Worcester police headquarters was an impregnable cement block with no windows until the fifth story. In the middle of downtown, it stood as a monument of hostility towards the city’s residents.
“Can we meet somewhere else?”
“Where?”
“How about the Boulevard Diner, on Shrewsbury Street?”
“The old dining car?”
“Yeah. Eggs and coffee are on me.”
“See you at nine.”
Back in Dad’s room, the elderly roommate slept. His wife watched. Dad stared at his dinner—a covered plastic bowl of broth with a big spoon.
“What took you so long? I even farted while you were gone.”
“Farting, hospital food—why do I always miss the good parts?”
Dad started to laugh, but that invited a near cataclysm of pain. He smiled instead.
“I guess you just have shit
luck.”
Halftime was ending. The game carried on, one heroic sack, one heroic long bomb at a time until heroism lost all meaning.
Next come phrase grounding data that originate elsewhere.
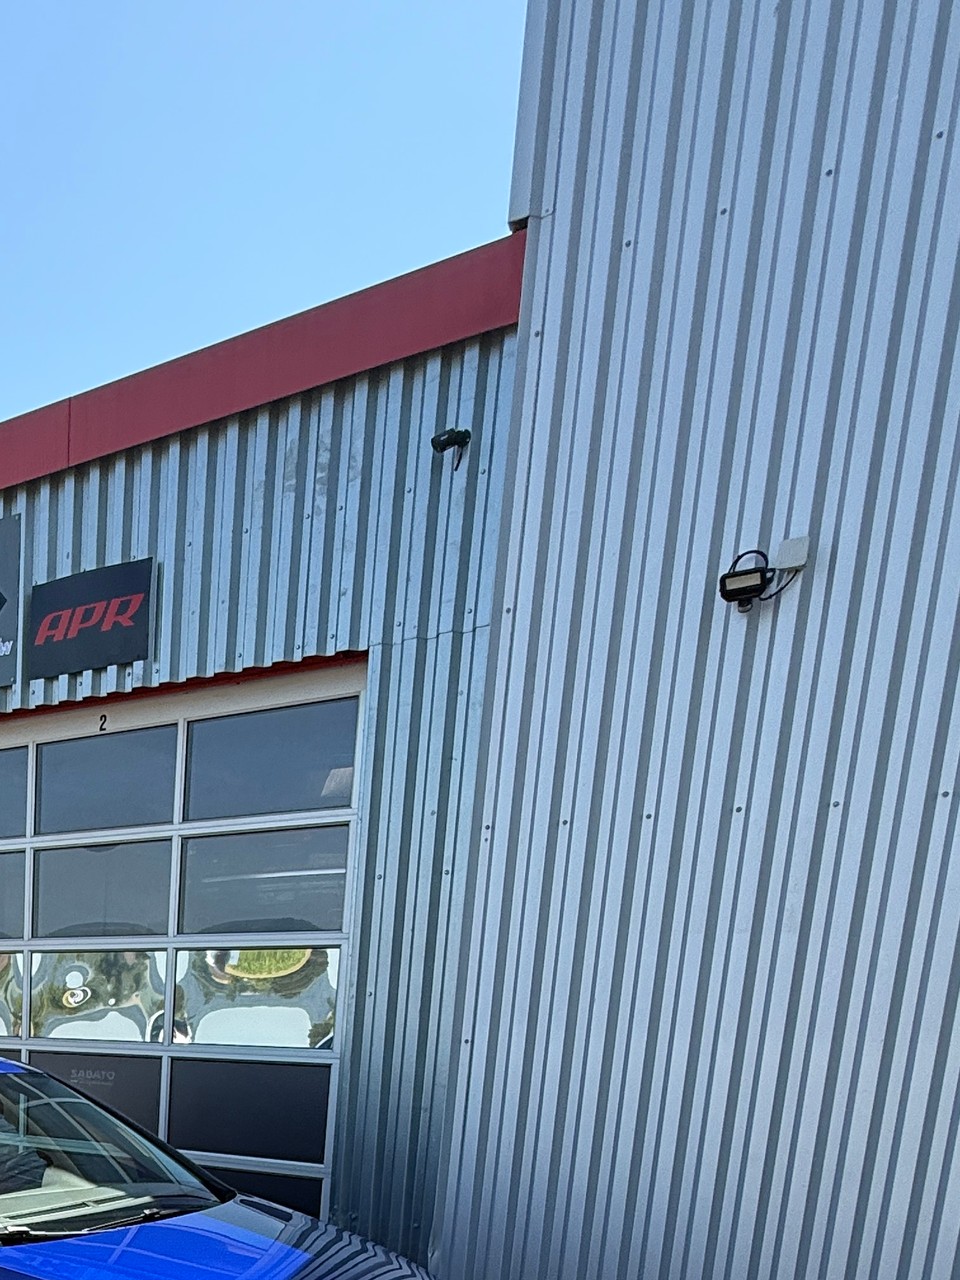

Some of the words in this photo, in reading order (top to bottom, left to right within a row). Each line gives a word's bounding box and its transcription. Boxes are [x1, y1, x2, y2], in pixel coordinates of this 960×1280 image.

[34, 593, 144, 646] APR
[99, 714, 107, 731] 2
[70, 1069, 115, 1080] SABATO
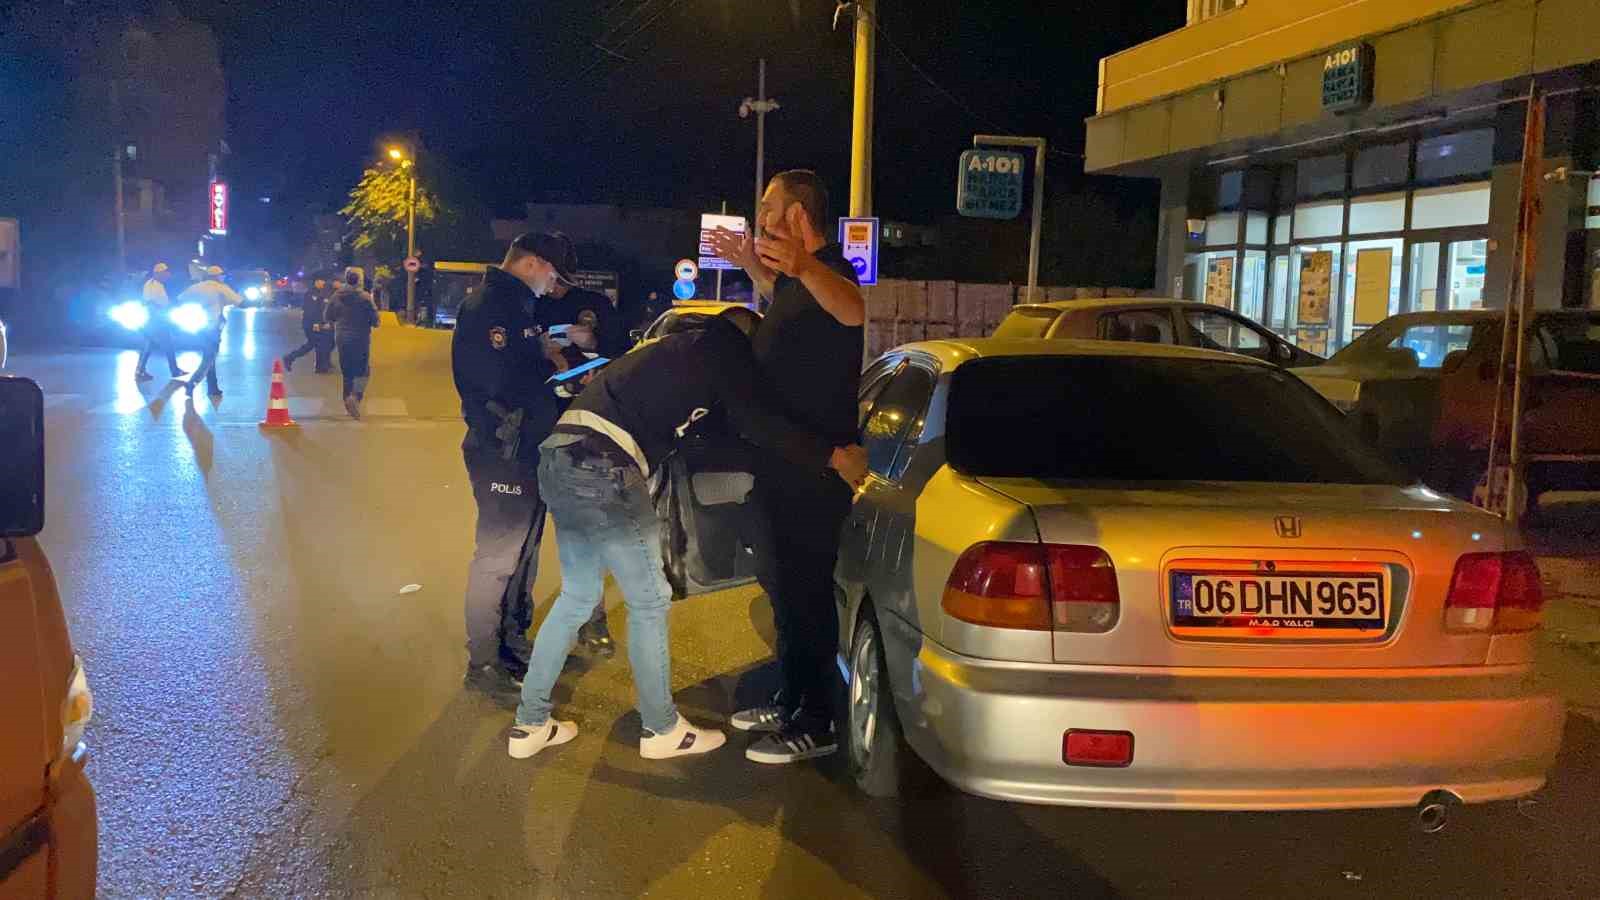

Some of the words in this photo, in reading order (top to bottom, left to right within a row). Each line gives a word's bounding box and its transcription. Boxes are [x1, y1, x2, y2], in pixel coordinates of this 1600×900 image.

[1177, 600, 1192, 609] TR
[1195, 580, 1235, 614] 06
[1240, 580, 1312, 615] DHN
[1316, 581, 1376, 616] 965
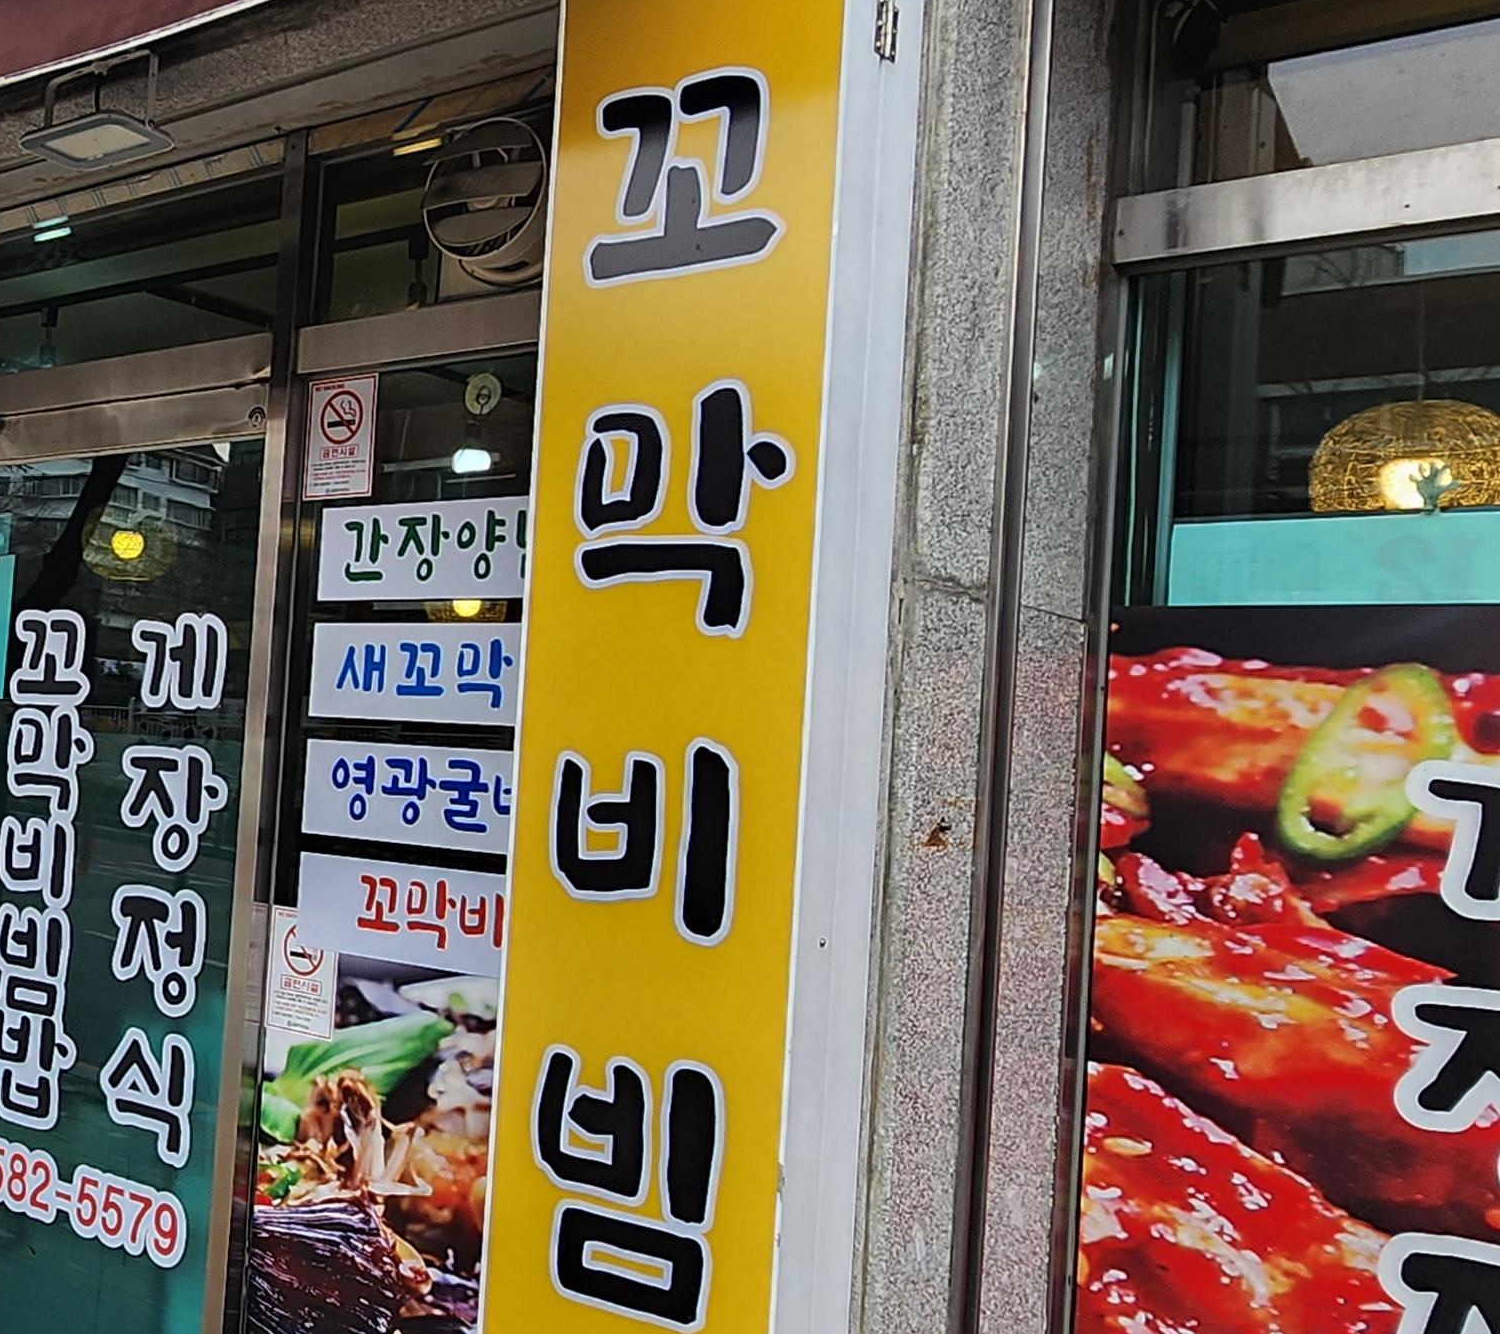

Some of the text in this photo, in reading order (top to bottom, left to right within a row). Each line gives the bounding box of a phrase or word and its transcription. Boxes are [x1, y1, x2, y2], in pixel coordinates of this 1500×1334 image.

[343, 508, 527, 583] 간장양
[335, 639, 513, 709] 새꼬막
[103, 614, 227, 1165] 게장정식
It was 42–38 by the time Dad fell asleep with five minutes left. I pulled up his blanket as a way of saying good-bye. It was snowing when I gave Whiskeynose my ticket and my money.
35.
The snow fell through the streetlights, renewing the landscape. I drove slowly after Dad’s SUV lost its grip on the road by a half-built, Tyvek-skinned car dealership. I got to the diner early, and ordered sausage, eggs and a coffee. The place was a onetime dining car parked for good on Shrewsbury Street, down the hill from the tracks of the Worcester-Boston railroad. The place was so small that everyone had to make a solid effort to ignore each other. A woman and her daughter bickering in and out of whispers, assassinating each others’ characters between the clatter of plates, were the main event that we ignored. Ira was also early, showing up before the food. He pointed to his left eye and shook his head as he made his way over to the booth I was in.
“I told you to stay out of it,” he said, seeming disappointed. Somehow he seemed a lot older than me.
“It’s just a black eye.”
“I know. But it could have been worse. There’s one thing I learned it’s that there’s really no limit to how bad these things can get.”
“What things?”
“The fights that break out over nothing. They usually end worse than the ones we can make sense of. Really Jim, you should know better. You’re not one of them. And you’re what? Thirty almost? I mean, you’re too old for this nonsense.”
In high school, Ira had been a big kid, big because fat and then big after years in the weight room. He’d slimmed down and gotten old in the intervening years. Lines radiated from the corners of his eyes and creases connected his broad nose and the sides of his mouth. He had an old man’s slow-moving eyes.
“You’re right. I didn’t know what I was dealing with. I went with Joe to a party. He said it was a friend of his invited him. But it was a set up. They were waiting for him. Things could have gone very badly.”